由于论文太长,分几篇来发布,本部分是引言和背景介绍。


RDMA vs. RPC for Implementing Distributed Data Structures

RDMA和RPC在实现分布式数据结构时的比较

Abstract

Distributed data structures are key to implementing scalable applications for scientific simulations and data analysis. In this paper we look at two implementation styles for distributed data structures: remote direct memory access (RDMA) and remote procedure call (RPC). We focus on operations that require individual accesses to remote portions of a distributed data structure, e.g., accessing a hash table bucket or distributed queue, rather than global operations in which all processors collectively exchange information. We look at the trade-offs between the two styles through microbenchmarks and a performance model that approximates the cost of each. The RDMA operations have direct hardware support in the network and therefore lower latency and overhead, while the RPC operations are more expressive but higher cost and can suffer from lack of attentiveness from the remote side. We also run experiments to compare the real-world performance of RDMA- and RPC-based data structure operations with the predicted performance to evaluate the accuracy of our model, and show that while the model does not always precisely predict running time, it allows us to choose the best implementation in the examples shown. We believe this analysis will assist developers in designing data structures that will perform well on current network architectures, as well as network architects in providing better support for this class of distributed data structures.

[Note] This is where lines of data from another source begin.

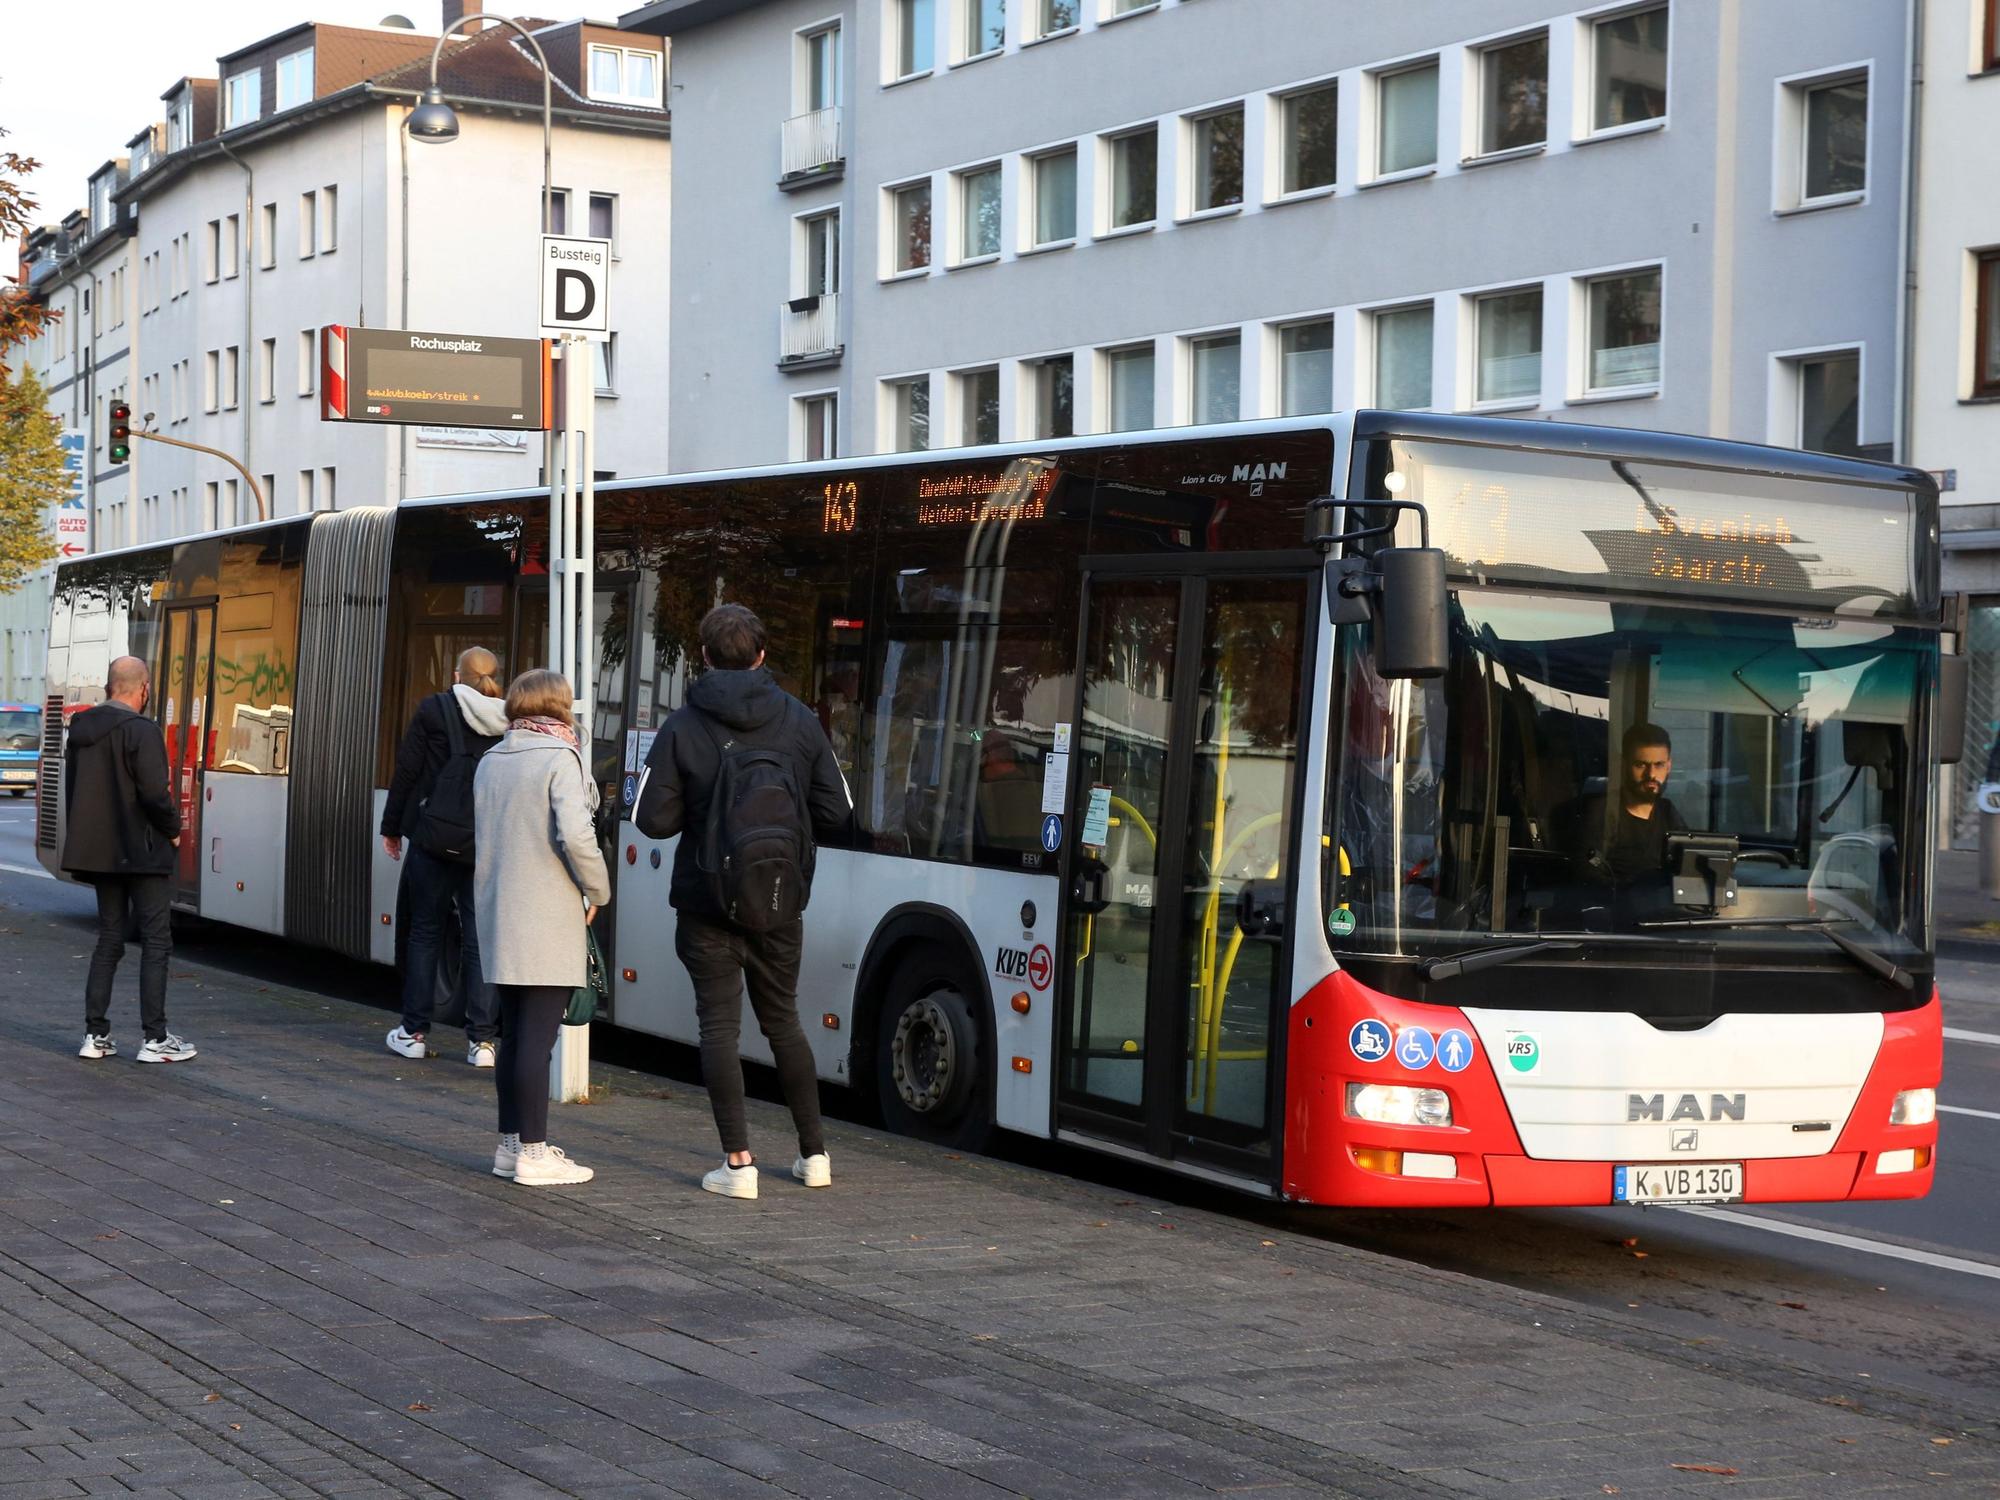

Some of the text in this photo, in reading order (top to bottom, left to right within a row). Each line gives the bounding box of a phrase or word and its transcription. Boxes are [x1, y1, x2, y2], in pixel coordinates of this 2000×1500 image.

[550, 246, 601, 264] Bussteig
[555, 268, 596, 322] D
[410, 337, 482, 352] Rochusplatz
[1181, 461, 1288, 485] Lion's City MAN
[824, 482, 857, 532] 143
[1651, 547, 1776, 588] Saarstr.
[1126, 884, 1152, 895] MA
[995, 947, 1029, 977] KVB
[1507, 1042, 1532, 1055] VRS
[1627, 1093, 1746, 1122] MAN
[1636, 1170, 1649, 1196] K

Index Terms—distributed data structures, remote procedure call (RPC), remote direct memory access (RDMA)

摘要

分布式数据结构是执行用于科学计算和数据分析的大规模应用程序的关键。本文将研究分布式数据结构的两种实现类型:远程直接内存访问(RDMA)和远程过程调用(RPC)。我们主要研究对某个分布式数据结构的远端部分进行独立访问的操作,比如访问散列表元或分布式队列,而不是所有进程同时交换信息的操作。通过microbenchmarks和一个粗略评估消耗的性能模块,我们就可以在这两个实现类型间做出权衡。RDMA操作有硬件支持(直接访问内存)因而有低延时和低负载(对CPU来说)的特点,RPC操作有更好的表达力(意思是易于理解)但是负载较高并且受限于远端的相应速度。我们也做了实验去比较实际使用中的性能结果和(测试模型的)预测结果,以评估测试模型的准确性。结果显示虽然模型并不总是能够准确的预测运行时间,但它还是可以使我们可以在实验中选择出最好的实现类型。我们相信这个分析可以帮助开发人员设计出在当前网络架构上执行的更有效率的数据结构,以及可以为这种分布式数据结构提供更好支持的网络架构。

关键字:分布式数据结构,RPC,RDMA

I. INTRODUCTION

Many complex programs need to perform operations on abstract data structures, such as hash tables, queues, and arrays. While many mature, high quality libraries exist that provide implementations of abstract data structures for serial and multi-threaded programs, the development of techniques for high-level data structures for distributed programs is still an active area of research [1]–[3]. Of particular interest are distributed data structures for irregular applications, where data access patterns and volumes are not known in advance.

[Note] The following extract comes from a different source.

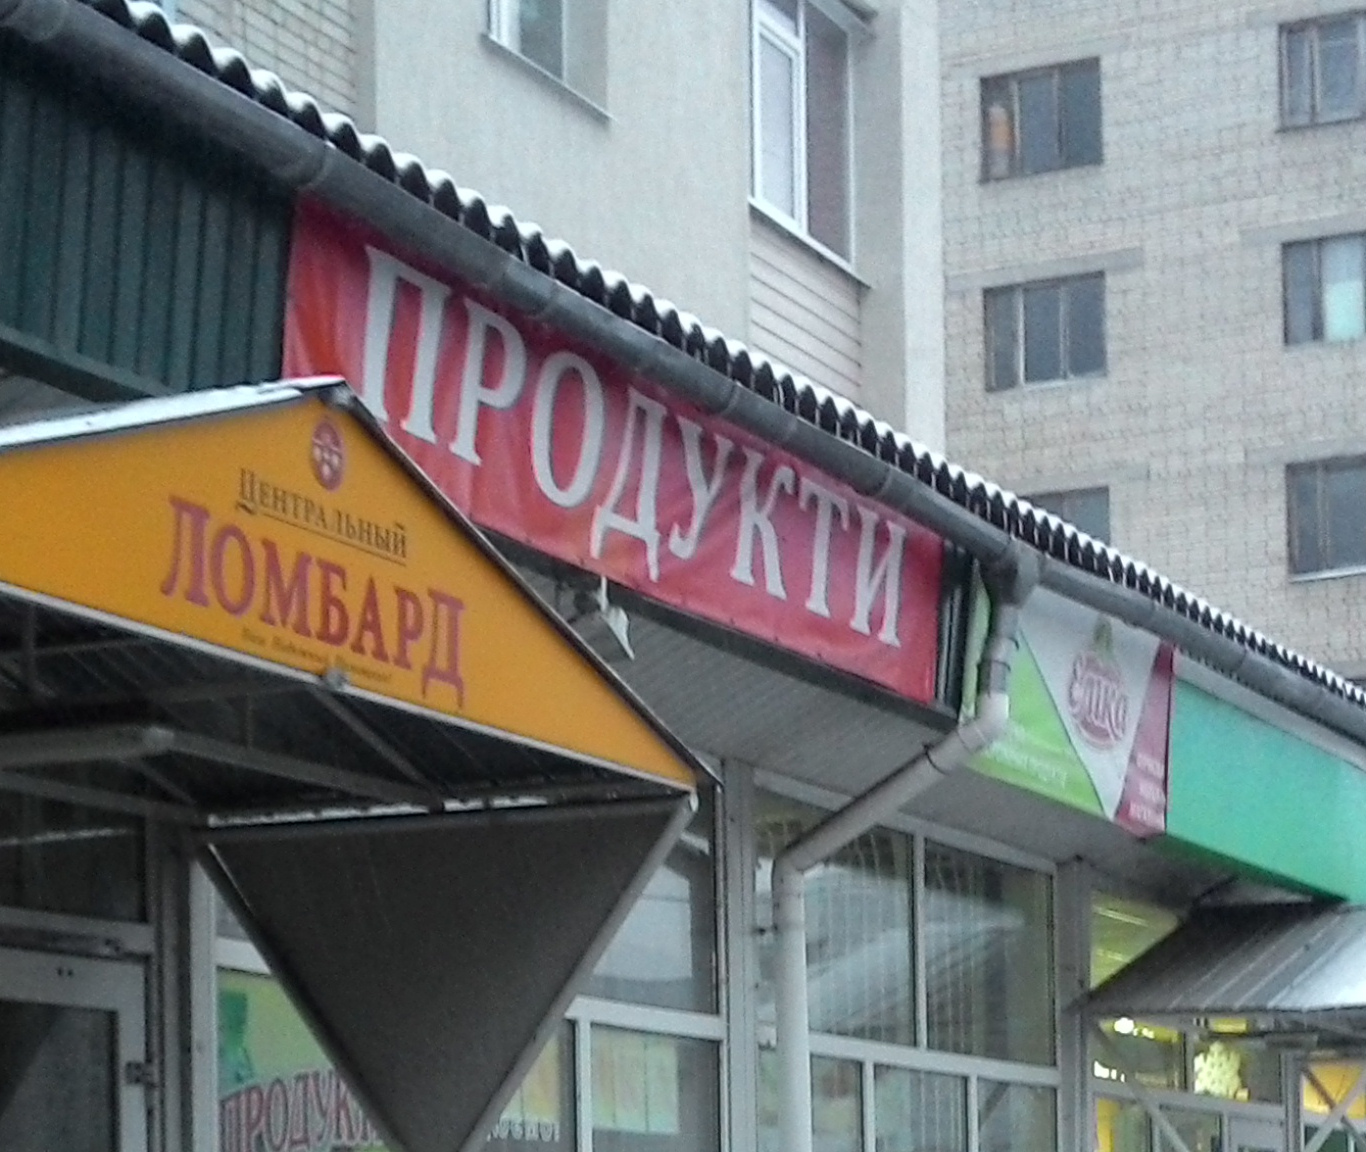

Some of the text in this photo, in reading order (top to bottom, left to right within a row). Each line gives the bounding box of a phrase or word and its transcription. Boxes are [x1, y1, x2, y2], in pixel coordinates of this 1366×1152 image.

These applications commonly use data structures which may be complex to implement using traditional message passing methods in a distributed memory setting, including graphs, trees, hash tables, and distributed queues. Some recently developed distributed data structure libraries are founded on remote direct memory access (RDMA), meaning that all essential data structure operations will be executed using one-sided remote put, get, and atomic operations [2], [3]. These data structure operations have the potential to be very efficient and

to offer low latency, since they operate directly on remote data structure elements and can be executed directly by the network interface card (NIC) on most modern supercomputer and datacenter systems. Other high-level programming environments encourage users to use remote procedure call (RPC) software primitives to build distributed data structures [4]. While RPCs require the attention of a remote CPU, which leads to higher latency, they have the potential to be much more expressive than the RDMA operations available on today’s interconnects,

potentially leading to fewer round trips. 

I. 引言

很多复杂的程序需要操作一些抽象的数据结构,比如哈希表、队列和数组。同时很多成熟的高质量的库提供了对这些抽象数据结构的实现,并支持串行和多线程并行运行。但对于分布式程序来说,相关高水平的数据结构的实现依然处于研究阶段。比较特别的是,在一些不规则的应用场景下,分布式数据结构的数据访问方式和访问量都是无法预知的。

这些(不规则的)应用程序通常使用的数据结构,如果使用传统的消息传递方式去实现(比如在分布式内存中传递图形、树、哈希表和分布式队列等),会比较复杂。一些最近开发的分布式数据结构使用了RDMA,意思是所有的关键数据结构的操作都采用了单边执行(put、get、原子操作等)的方式。这种对数据结构的操作理论上可以做到非常高效并提供很低的延时,因为它们直接访问远端的数据,并且可以被大多数现代的超级计算机和数据中心系统上的网卡直接支持。还有一些高水平的开发环境鼓励使用者去使用RPC来实现分布式数据结构。RPC需要远端CPU的参与,并且延时较高。但是相比RDMA有更好的表达力(译者注:意思是单个操作可以实现很复杂的逻辑,易于理解和编程),潜在地降低了信息的交互次数。



In this paper, we evaluate the efficacy of RDMA- and RPCbased manipulation of distributed data structures with a set of systematic benchmarks. We perform two sets of experimemts. First, we perform microbenchmarks to gather the costs of the component operations that make up both RDMA- and RPCbased data structure implementations. This includes the cost of various RDMA operations along with the cost of an RPC. Second, we measure the actual costs of various data structure operations, such as queue or hash table insertions, at various levels of concurrency requirements using both RDMA and RPC-based implementations. We then compare the observed results with an analytical cost model and determine where it is more desirable to use RDMA and where it is more desirable to use RPC.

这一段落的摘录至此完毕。